Thursday, October 21, 2010

Magna Carta Ninjas

The following probably never happened. And by probably I mean it never did in any way, but it's fun to pretend. After King John signed the Magna Carta in 1215 granting nobles rights, they never possessed Robin Hood threw a ninja star into King John's head while Little John hurled a katana into a nearby Sheriff of Nottingham, who was resurrected from the dead purely for this occasion. In fact, the reanimated Sheriff of Nottingham was standing next to King John while he signed the immensely important document in British history. So important was this document that a copy, replica extraordinaire, of it is featured on display at the National Archives. Which is impressive considering the document granted British nobles unheard of rights and removes the yoke of arbitrary rule without some measure of checks & balances that most Western societies enjoy today. King John, the same one spoken of in the legends of Robin Hood (that later gave to the rich and gave to the poor (which considering the status of his estate during the events mentioned in the tale while King John was ruling in proxy for an abstenia King Richard, meant that Robin Hood must have given to himself as well because he was of the "negative cash flow persuasion"). It seems to be a fair interpretation of the legend. King John never seemed to be able to catch a break. Anthony Hopkins played your brother Richard in a movie yet who played you? Nigel Terry. Who's Nigel Terry? Exactly, my point. O King John, Poor Lackland, pitiful Softsword our hearts pour out to you indeed for such mercy is justified by the historical context. In every version of Robin Hood, you're the bad guy but why. Then again maybe it was you're encounters with Robin Hood, pre-ninja star, that made you change your mind when it came time to sign the magna carta.
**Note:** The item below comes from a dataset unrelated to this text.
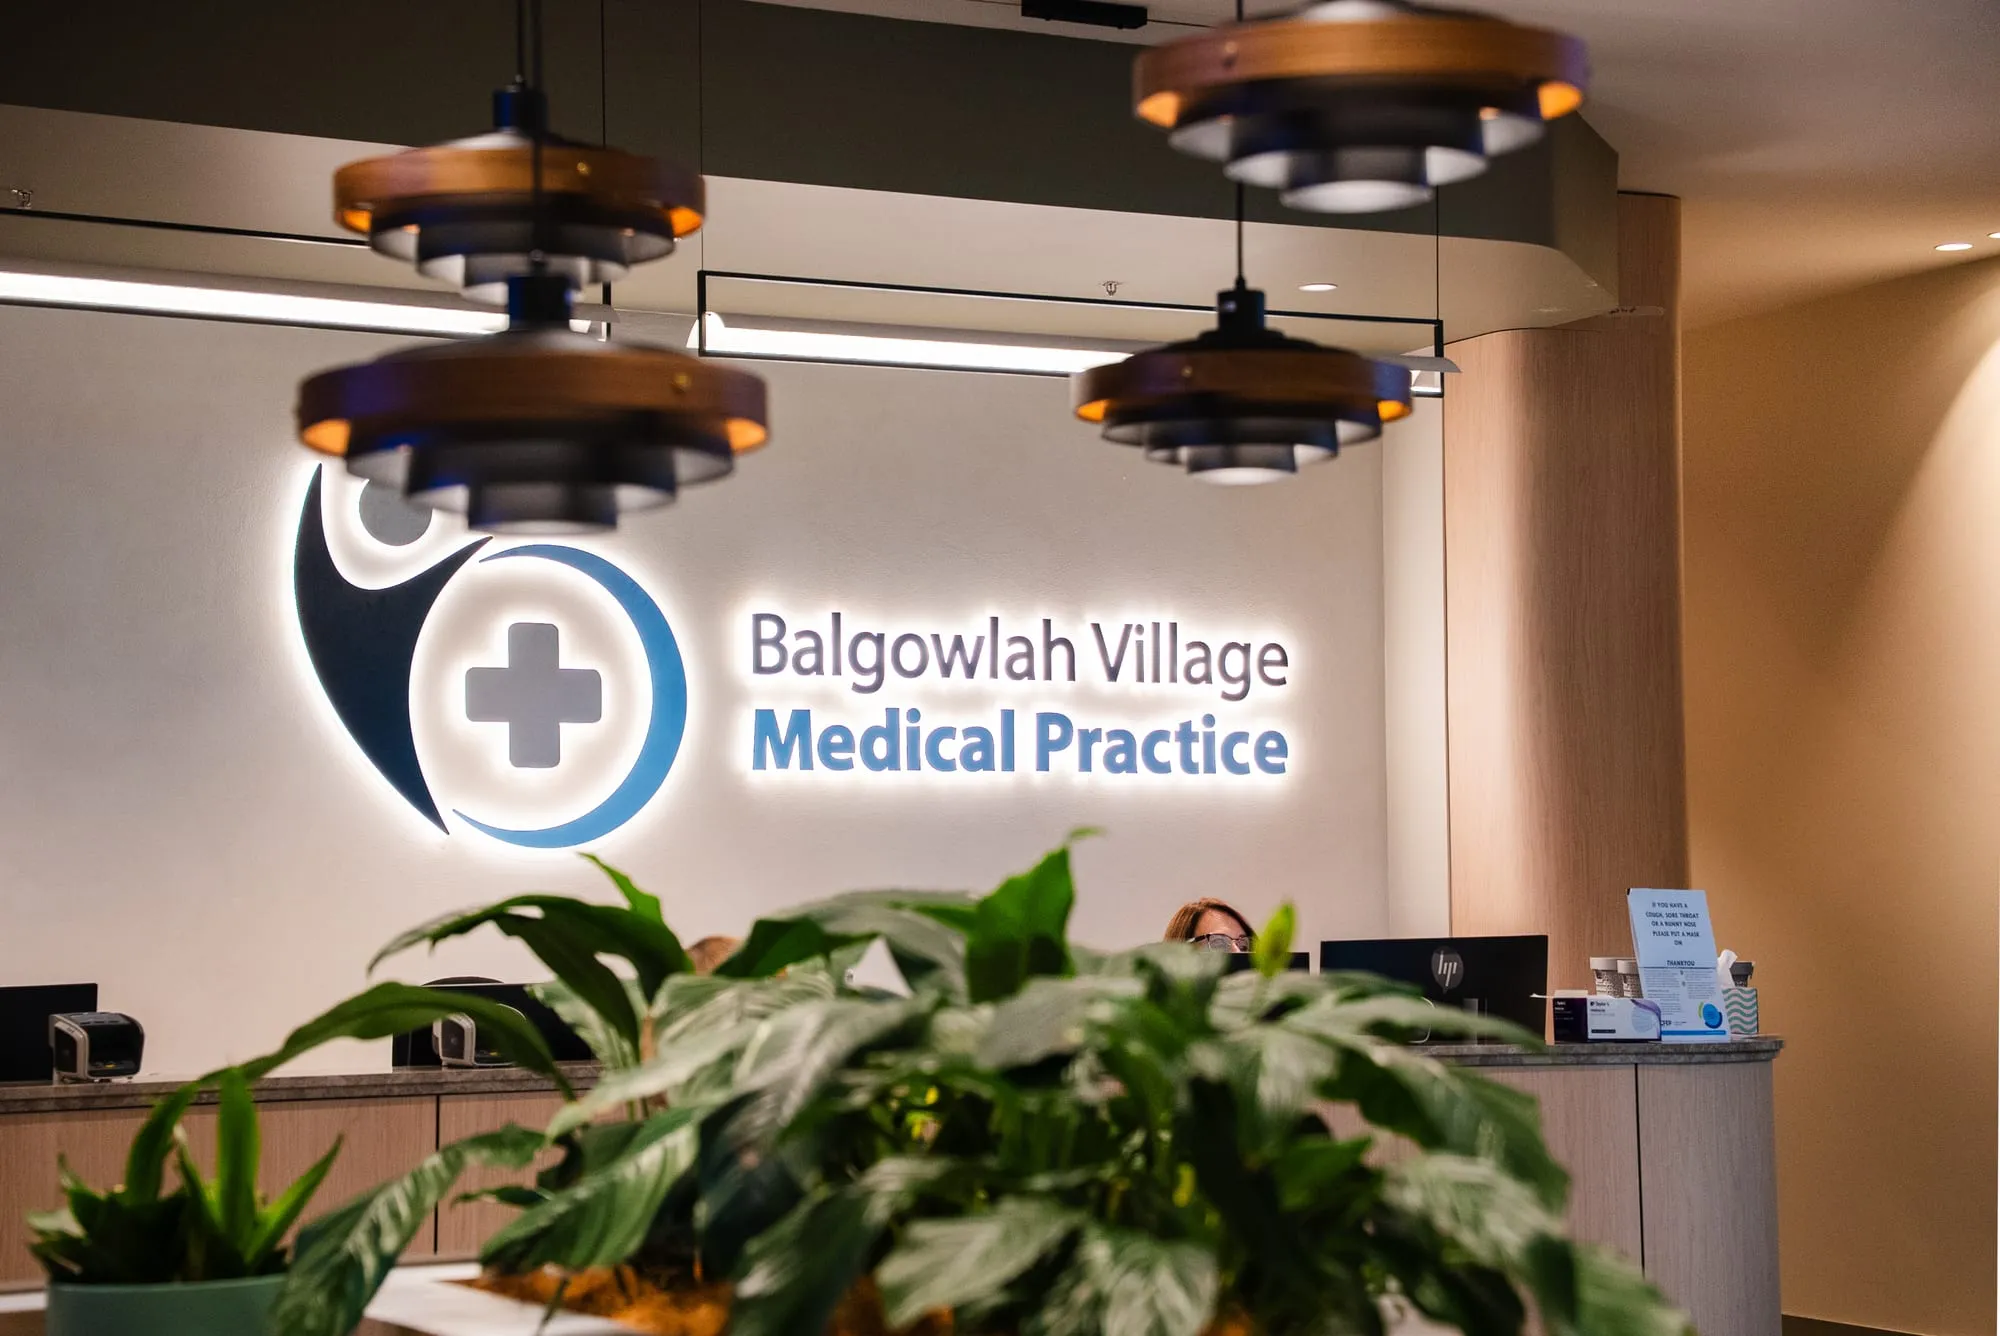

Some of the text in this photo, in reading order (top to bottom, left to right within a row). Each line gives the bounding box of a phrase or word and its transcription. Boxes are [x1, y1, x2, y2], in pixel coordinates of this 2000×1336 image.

In the story of Robin Hood a decree King John made somehow strips him of his property and title. He was Robin of Locksley now he's just Robin. So he takes to the streets forms a gang of merry men, and they decide to redistribute the wealth generated by excessive fines and levies to feed the power presumably liberating them from hunger and other pangs of poverty. Clearly, Robin Hood was no fan of supply-side economic theory it would seem. Robin Hood would probably say to Calvi9n Coolidge, "Eat lead Coolidge" or "speak this Reagen" because he fumbled the line after he realized that he couldn't figure out a cool thing to say to Reagen because he already said the coolest thing he could think up to Calvin Coolidge already. He writes down in a journal, "Note to self: Next time I demonstrate my cool, dry wit to the leader of a country nearly a thousand years henceforth espoused an economic theory that is incompatible with my own philosophical agenda. I must come up with more than one cool expression to say to them. Also, note to self: remember to buy a jar of mayonnaise for Friar Tuck. Remember to make sure it's organic because John's going to want some of that too, but he won't eat anything not organic." One must have standards. We understand, John. We understand." There's a King John and a Little John. That does make the story a little confusing especially considering that the King is weak and little. However, Little John is a huge behemoth of a man who eats Rhino for breakfast and a whole Lamb for desert. He uses pikes for tooth picks. John tried to take over in the 90s - the 1190s while his brother Richard was fighting in The Third Crusade. In fact, he almost succeeded but presumably failed because of Robin of Locksely's quiver. However, twenty years later John got to be king and in being so he signed the Magna Carta after a very successful rebellion forced his hand to move the quill and make the 'x' that tremors throughout history. Then after King John signed it, he said, "Alright? Are you all happy now? I signed it. I hope you enjoy your vinegar flavored victory. I hope your gall tastes very good." It was at that precise moment when Robin Hood threw the ninja star. "Yeah," Robin Hood said as Little John was releasing the katana on The Sheriff of Nottingham, "It tastes pretty, pretty good."